#### What is needed:
Give back the full listing verbatim, apart from its images.

#### Data listing:
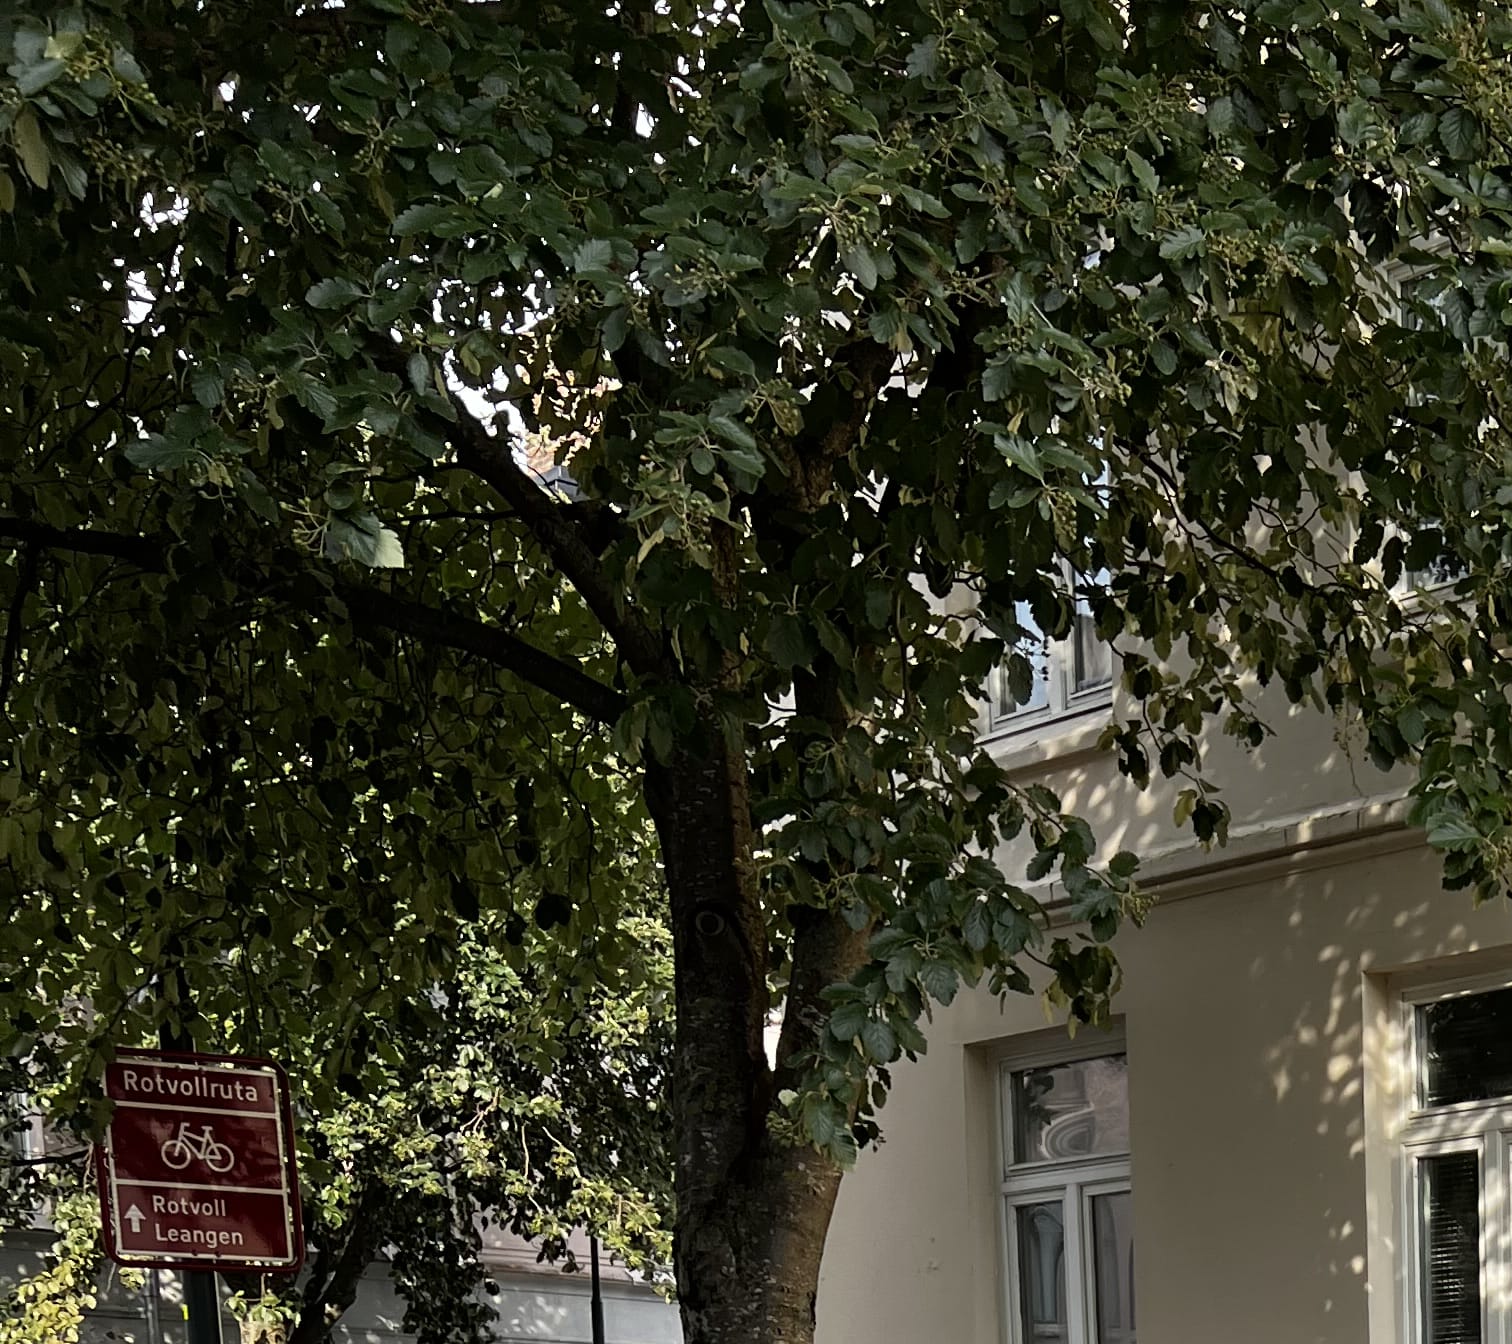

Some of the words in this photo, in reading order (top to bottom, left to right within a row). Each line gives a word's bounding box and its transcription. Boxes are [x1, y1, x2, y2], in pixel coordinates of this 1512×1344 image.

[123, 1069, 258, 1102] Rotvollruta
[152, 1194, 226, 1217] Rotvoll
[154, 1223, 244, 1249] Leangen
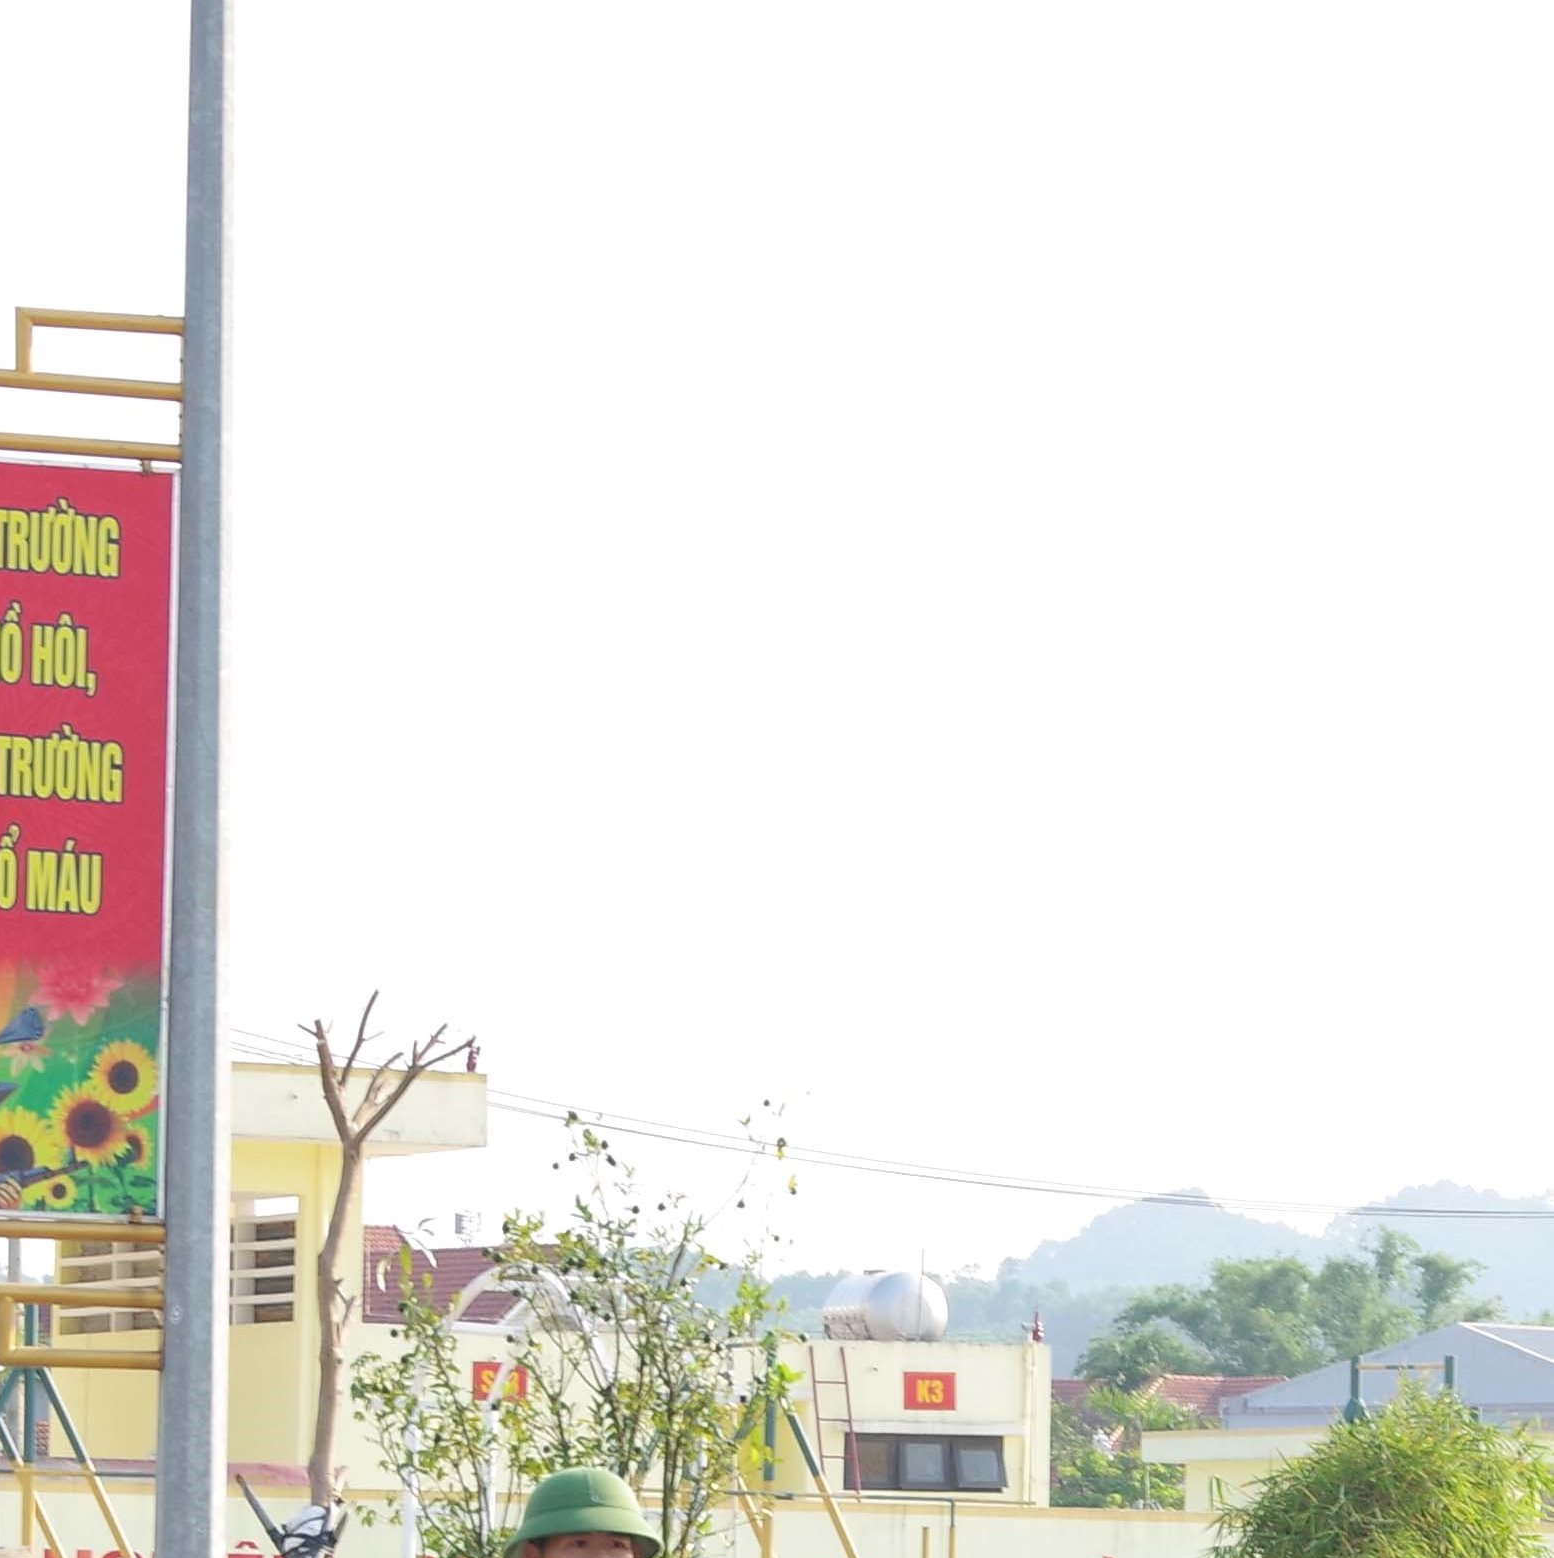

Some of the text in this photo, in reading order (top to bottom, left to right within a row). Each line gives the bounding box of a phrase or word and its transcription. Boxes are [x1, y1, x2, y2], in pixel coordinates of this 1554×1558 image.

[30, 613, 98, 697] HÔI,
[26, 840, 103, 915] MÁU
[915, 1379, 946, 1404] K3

#### Answer box:
Some of the words in this photo, in reading order (top to bottom, left to right within a row). Each line gives a word's bounding box and its transcription. Boxes are [x1, y1, x2, y2], in pixel coordinates of this 1512×1344 image.

[123, 1069, 258, 1102] Rotvollruta
[152, 1194, 226, 1217] Rotvoll
[154, 1223, 244, 1249] Leangen

Some of the text in this photo, in reading order (top to bottom, left to right within a row). Each line gives the bounding box of a phrase or word and its transcription. Boxes are [x1, y1, x2, y2], in pixel coordinates of this 1554×1558 image.

[30, 613, 98, 697] HÔI,
[26, 840, 103, 915] MÁU
[915, 1379, 946, 1404] K3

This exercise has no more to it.